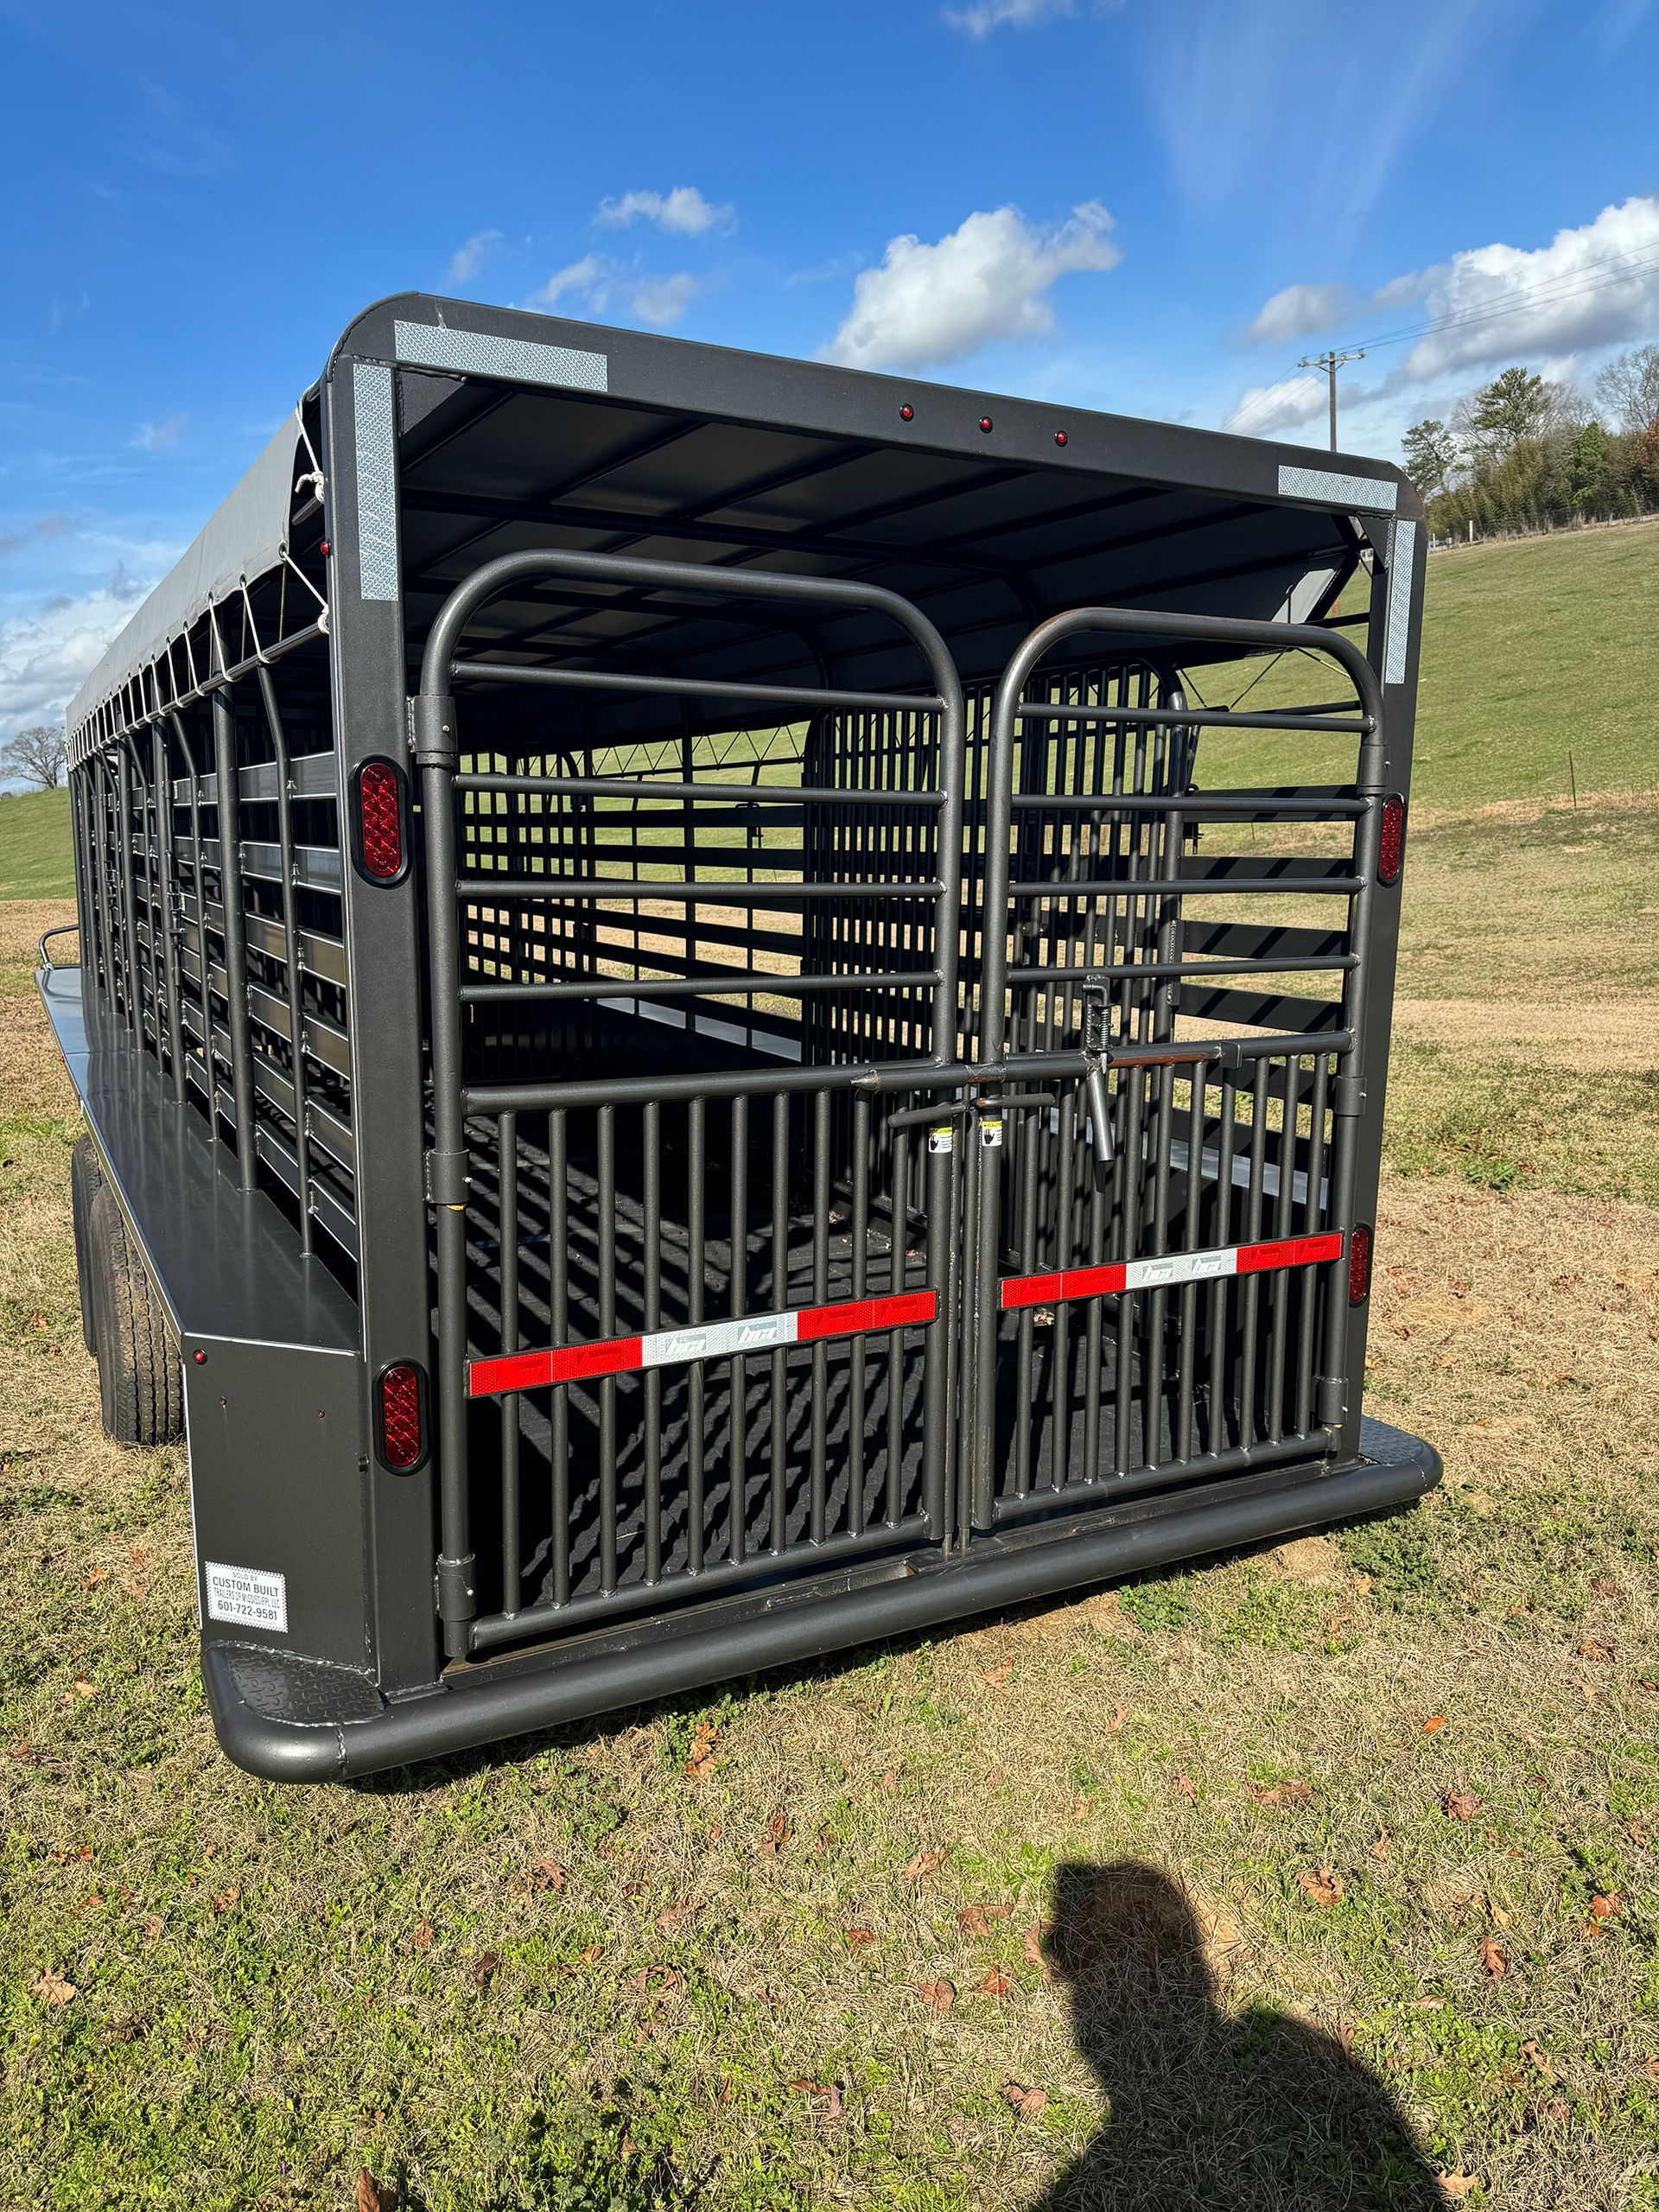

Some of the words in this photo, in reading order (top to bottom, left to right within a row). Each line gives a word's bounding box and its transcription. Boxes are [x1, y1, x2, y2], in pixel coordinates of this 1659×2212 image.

[232, 1572, 249, 1580] SOLD
[213, 1576, 251, 1592] CUSTOM
[253, 1584, 279, 1598] BUILT
[218, 1600, 277, 1621] 601-722-9581
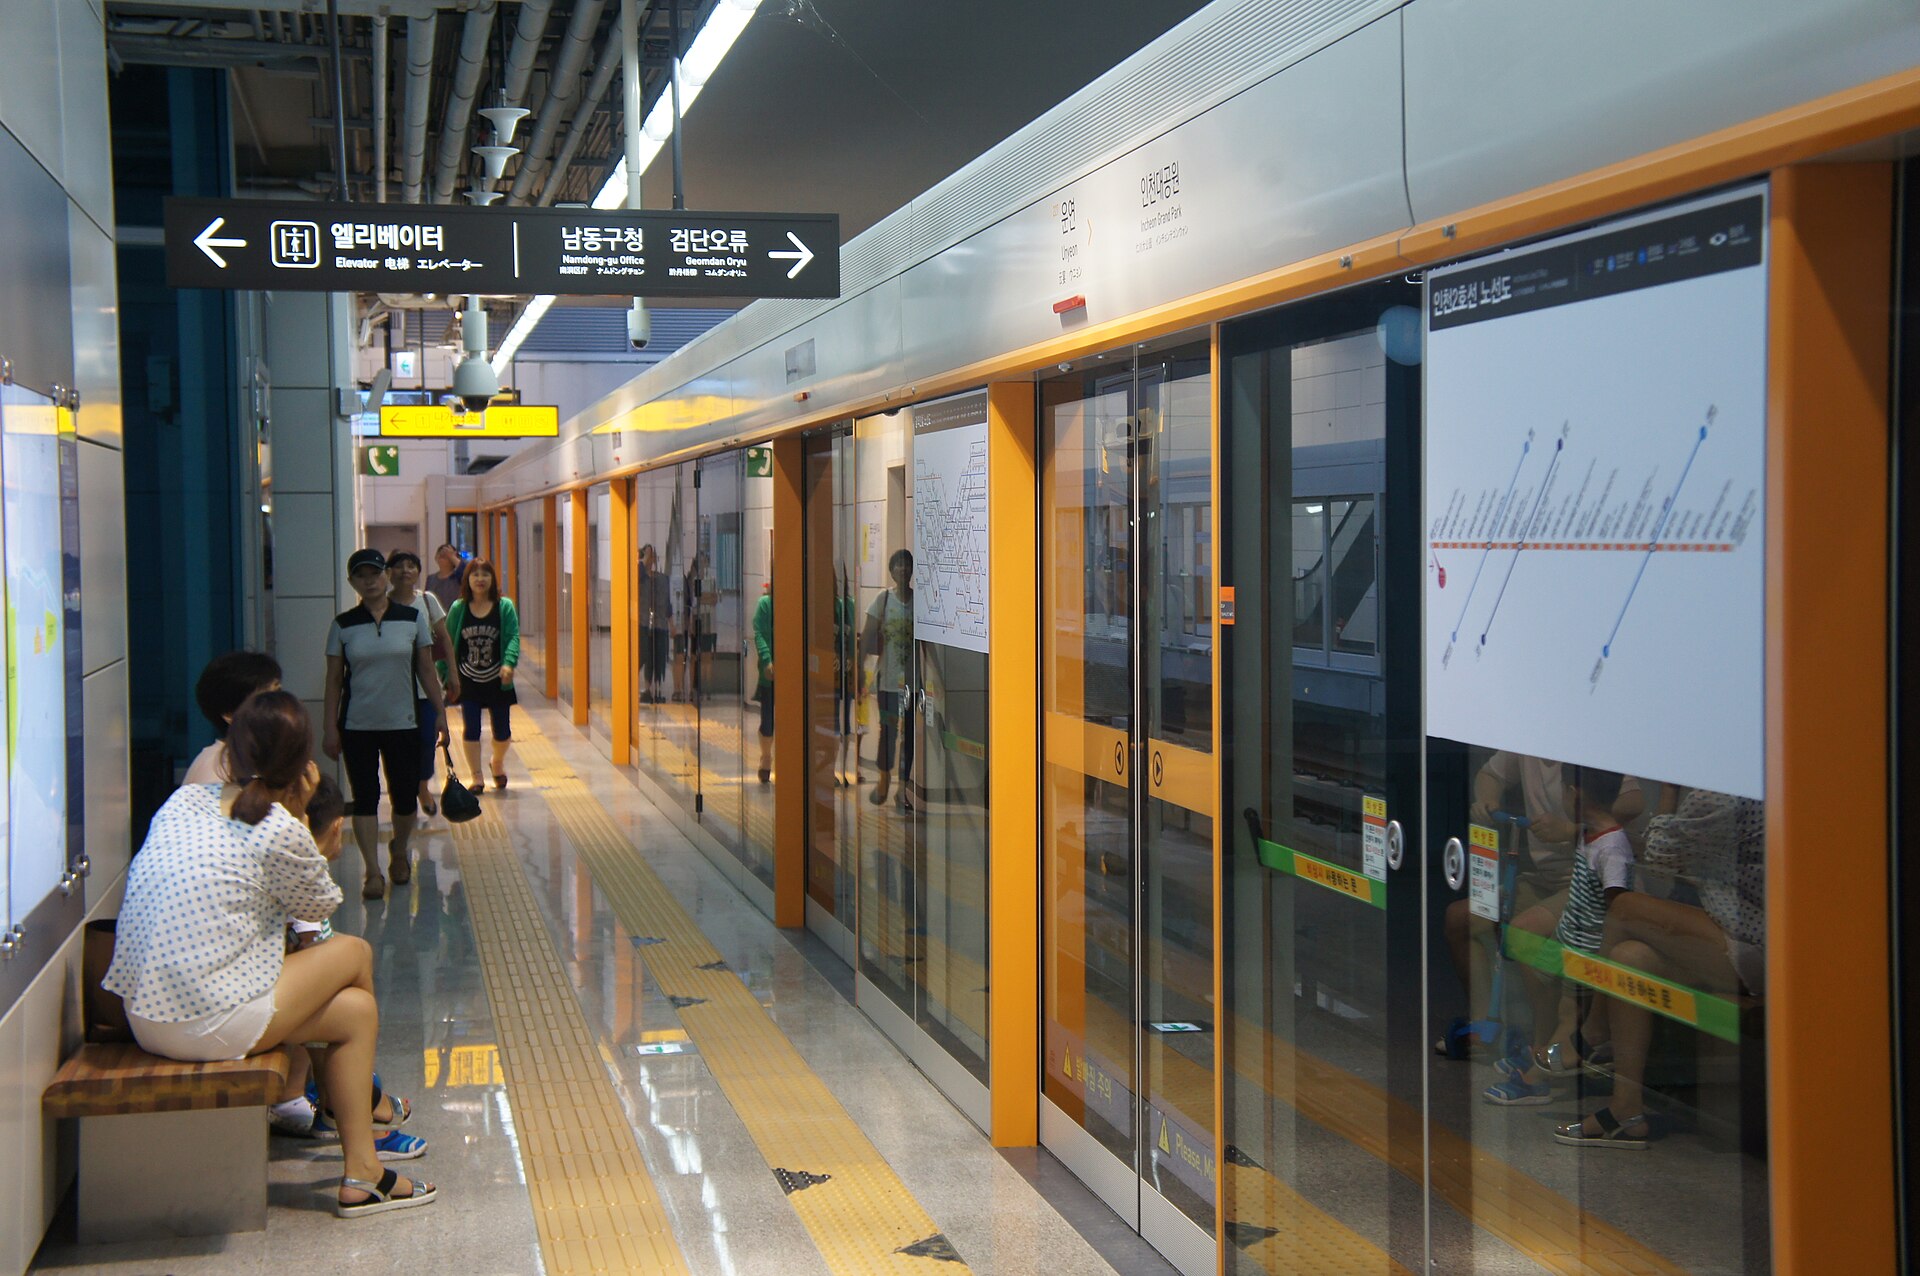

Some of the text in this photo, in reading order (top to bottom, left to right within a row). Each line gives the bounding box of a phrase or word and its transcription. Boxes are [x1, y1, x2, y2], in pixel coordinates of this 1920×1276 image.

[1140, 159, 1180, 208] 인천대공원
[1061, 197, 1076, 235] 운연
[1140, 204, 1183, 233] Incheon Grand Park
[330, 222, 444, 252] 엘리베이터
[561, 226, 644, 253] 남동구청
[669, 228, 749, 254] 검단오류
[335, 256, 380, 269] Elevator
[416, 259, 484, 271] エレベーター
[562, 254, 645, 266] Namdong-gu Office
[685, 256, 747, 268] Geomdan Oryu
[1061, 244, 1078, 263] Unyeon
[1433, 281, 1478, 317] 인천2호선
[1479, 275, 1513, 305] 노선도
[1075, 1055, 1096, 1093] 발빠짐
[1096, 1070, 1113, 1105] 주의
[1175, 1132, 1203, 1177] Please,
========================================================================
## [Aim of the task]
Wherever a picture appears in the records, omit it, and transcribe everything else exactly.

## [Answer to this problem]
Some of the words in this photo, in reading order (top to bottom, left to right within a row). Each line gives a word's bounding box and its transcription. Boxes are [x1, y1, x2, y2], in pixel coordinates of this 1659×2212 image.

[232, 1572, 249, 1580] SOLD
[213, 1576, 251, 1592] CUSTOM
[253, 1584, 279, 1598] BUILT
[218, 1600, 277, 1621] 601-722-9581

Some of the text in this photo, in reading order (top to bottom, left to right within a row). Each line gives the bounding box of a phrase or word and its transcription. Boxes are [x1, y1, x2, y2], in pixel coordinates of this 1920×1276 image.

[1140, 159, 1180, 208] 인천대공원
[1061, 197, 1076, 235] 운연
[1140, 204, 1183, 233] Incheon Grand Park
[330, 222, 444, 252] 엘리베이터
[561, 226, 644, 253] 남동구청
[669, 228, 749, 254] 검단오류
[335, 256, 380, 269] Elevator
[416, 259, 484, 271] エレベーター
[562, 254, 645, 266] Namdong-gu Office
[685, 256, 747, 268] Geomdan Oryu
[1061, 244, 1078, 263] Unyeon
[1433, 281, 1478, 317] 인천2호선
[1479, 275, 1513, 305] 노선도
[1075, 1055, 1096, 1093] 발빠짐
[1096, 1070, 1113, 1105] 주의
[1175, 1132, 1203, 1177] Please,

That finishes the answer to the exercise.